§ **WHAT IS NEEDED**:
Set down the data below exactly; pictures stay out.

§ **MATERIALS PROVIDED**:
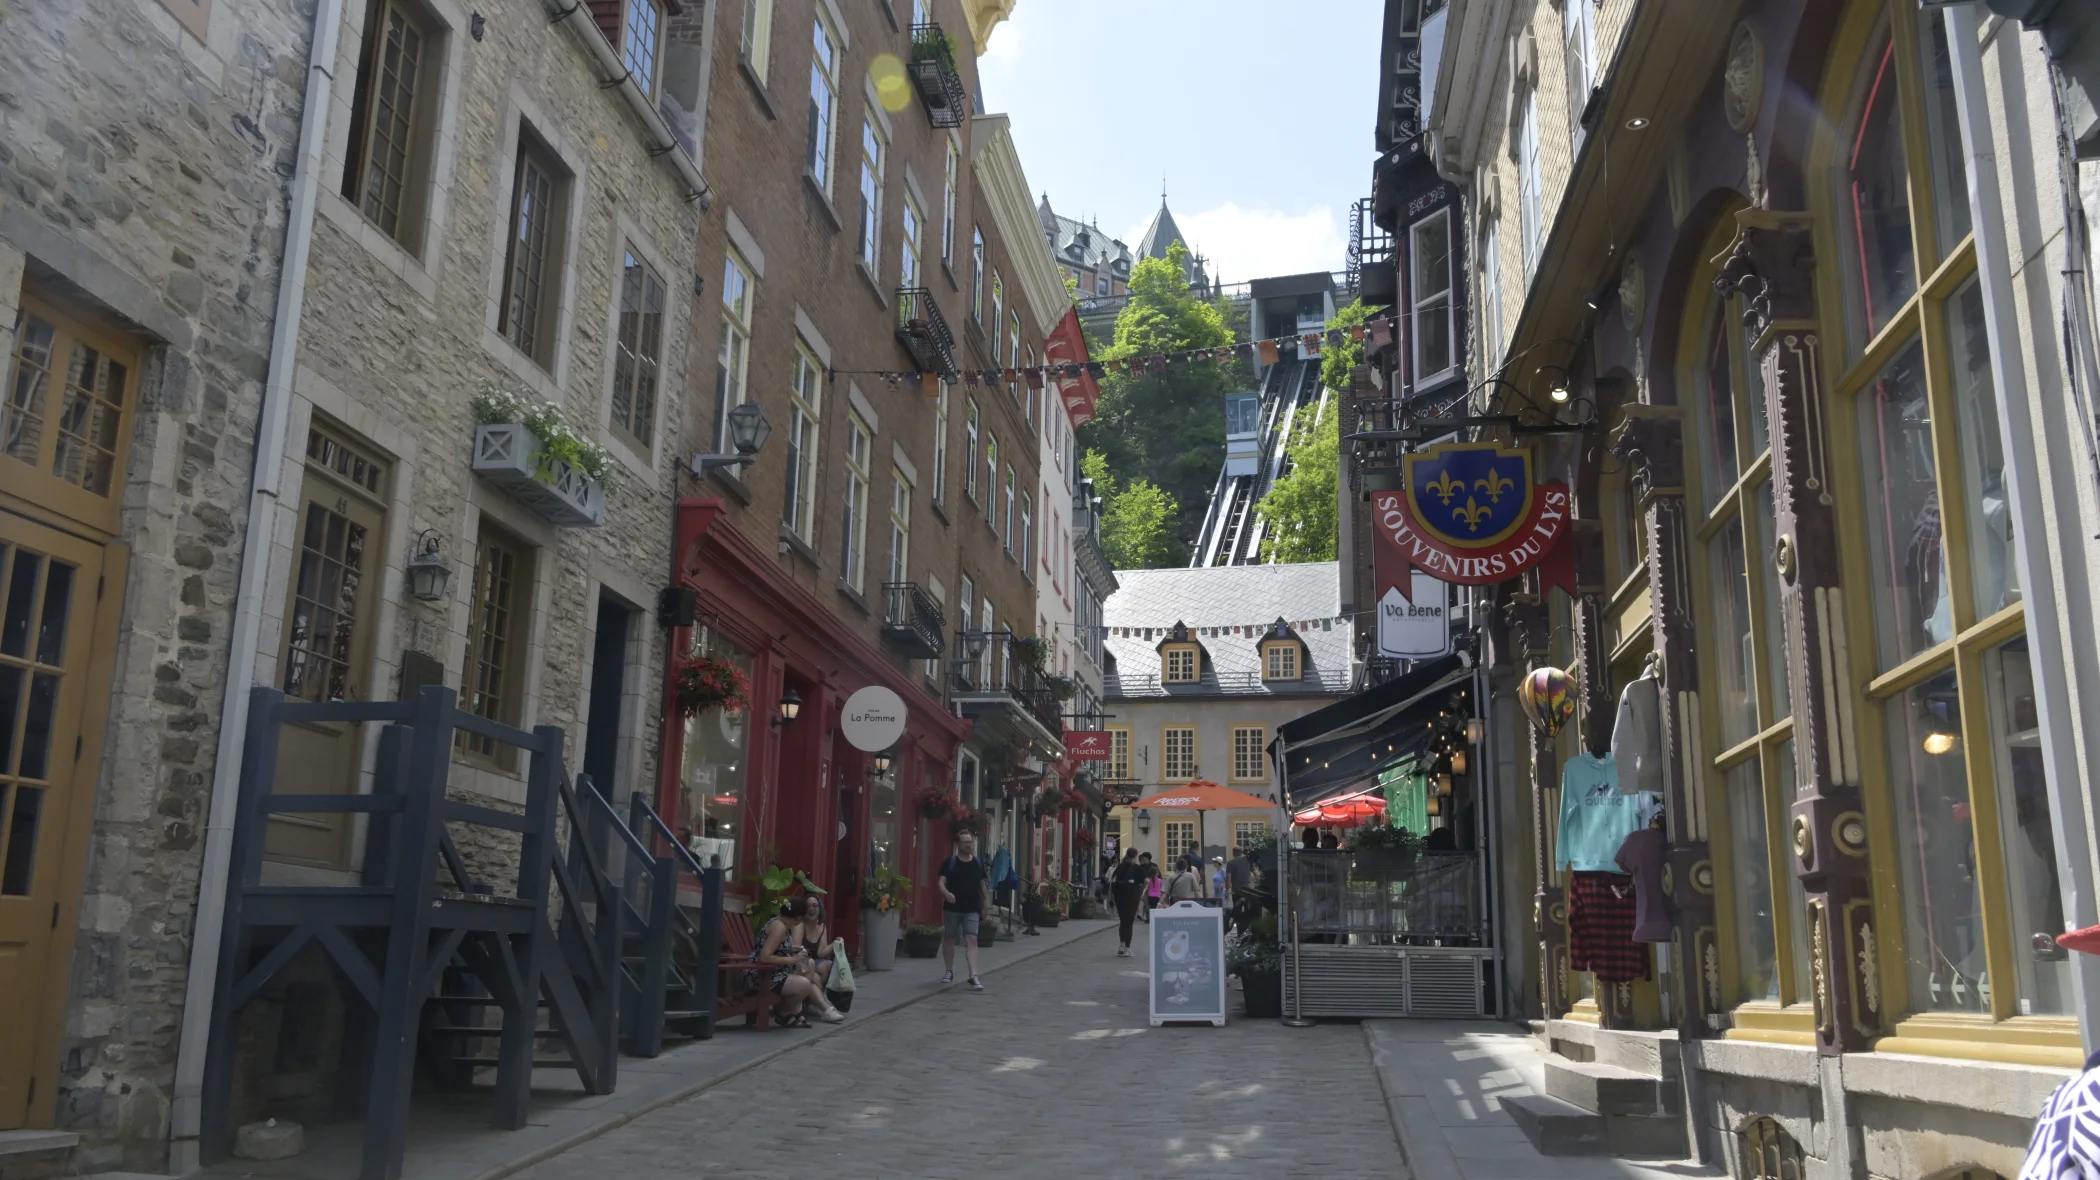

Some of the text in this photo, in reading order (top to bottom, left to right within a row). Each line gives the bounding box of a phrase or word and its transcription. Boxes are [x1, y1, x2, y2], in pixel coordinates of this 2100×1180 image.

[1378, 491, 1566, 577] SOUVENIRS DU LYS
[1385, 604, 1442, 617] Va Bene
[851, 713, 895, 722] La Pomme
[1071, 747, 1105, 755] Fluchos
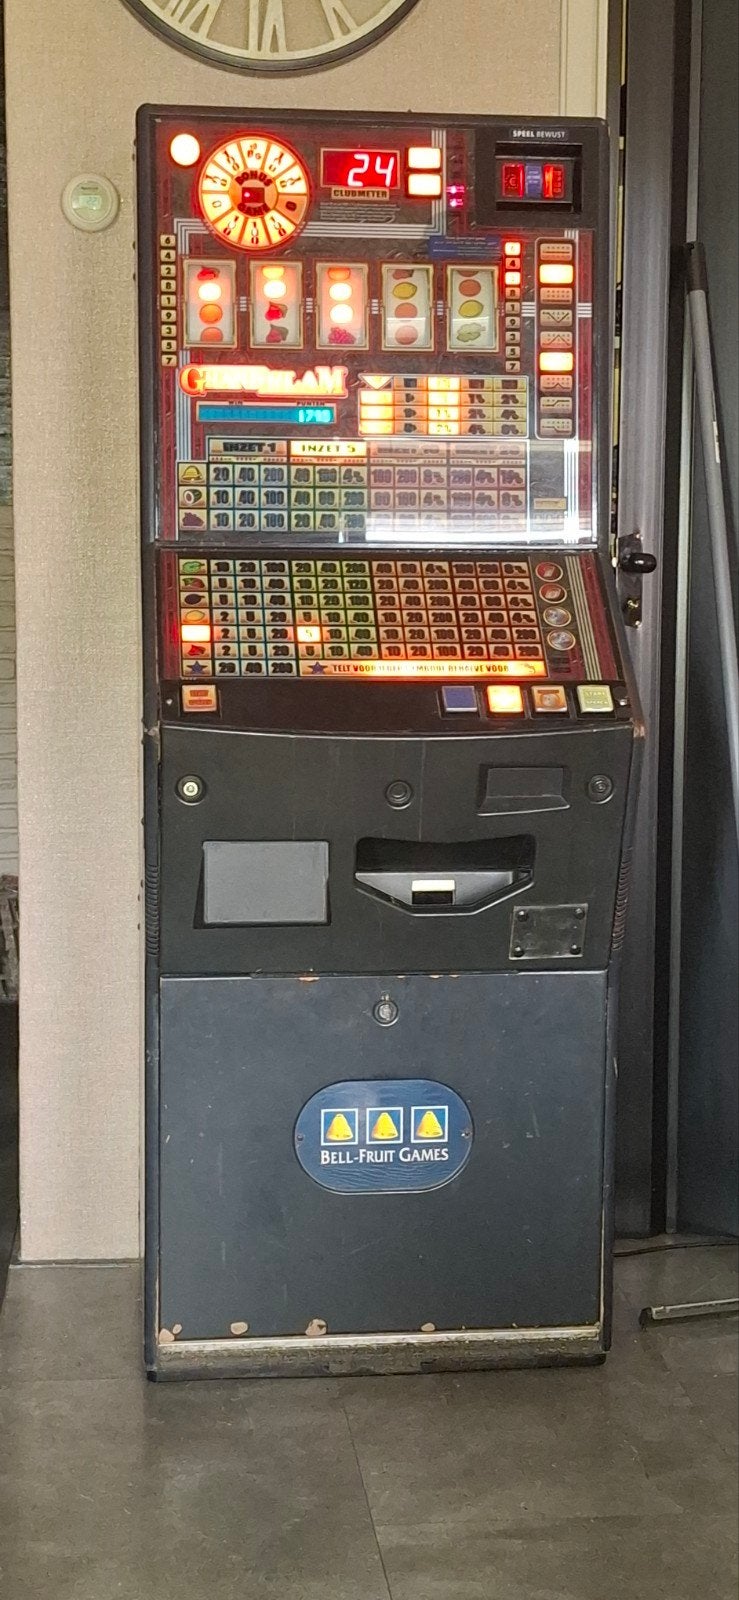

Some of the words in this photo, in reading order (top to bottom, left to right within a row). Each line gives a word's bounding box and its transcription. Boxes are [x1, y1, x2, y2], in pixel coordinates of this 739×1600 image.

§ **THE ANSWER**:
Some of the text in this photo, in reading order (top to bottom, left to right within a row). Each line gives the bounding box of a phrase or word and its transcription. Boxes are [x1, y1, x2, y2], in pixel coordinates of this 2100×1180 image.

[1378, 491, 1566, 577] SOUVENIRS DU LYS
[1385, 604, 1442, 617] Va Bene
[851, 713, 895, 722] La Pomme
[1071, 747, 1105, 755] Fluchos

Some of the words in this photo, in reading order (top to bottom, left to right within a row). Each line gives a word's bounding box and its transcription. Boxes are [x1, y1, x2, y2], in pixel coordinates of this 739×1600 image.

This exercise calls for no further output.